[Start of section]
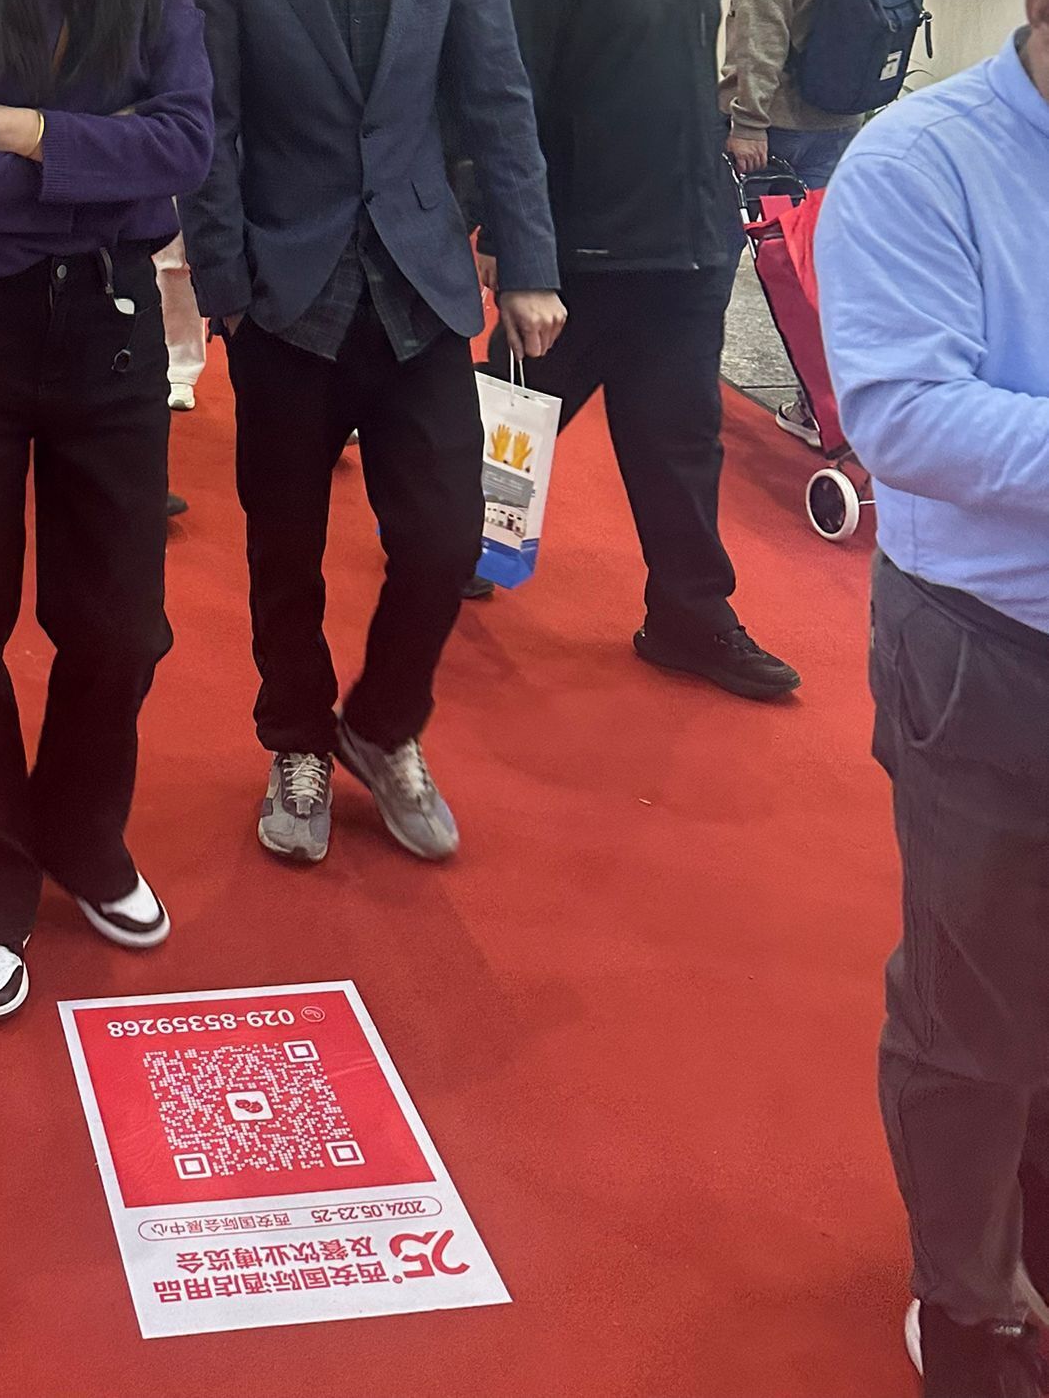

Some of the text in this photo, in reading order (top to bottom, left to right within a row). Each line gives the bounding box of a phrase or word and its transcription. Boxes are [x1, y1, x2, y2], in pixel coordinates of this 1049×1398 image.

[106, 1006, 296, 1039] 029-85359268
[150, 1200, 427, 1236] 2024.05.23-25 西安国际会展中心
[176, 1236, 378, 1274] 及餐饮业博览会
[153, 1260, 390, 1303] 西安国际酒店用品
[End of section]
Output all of the records exactly as they appear above, but not the pictures.

Some of the text in this photo, in reading order (top to bottom, left to right within a row). Each line gives the bounding box of a phrase or word and its transcription. Boxes are [x1, y1, x2, y2], in pixel coordinates of this 1049×1398 image.

[106, 1006, 296, 1039] 029-85359268
[150, 1200, 427, 1236] 2024.05.23-25 西安国际会展中心
[176, 1236, 378, 1274] 及餐饮业博览会
[153, 1260, 390, 1303] 西安国际酒店用品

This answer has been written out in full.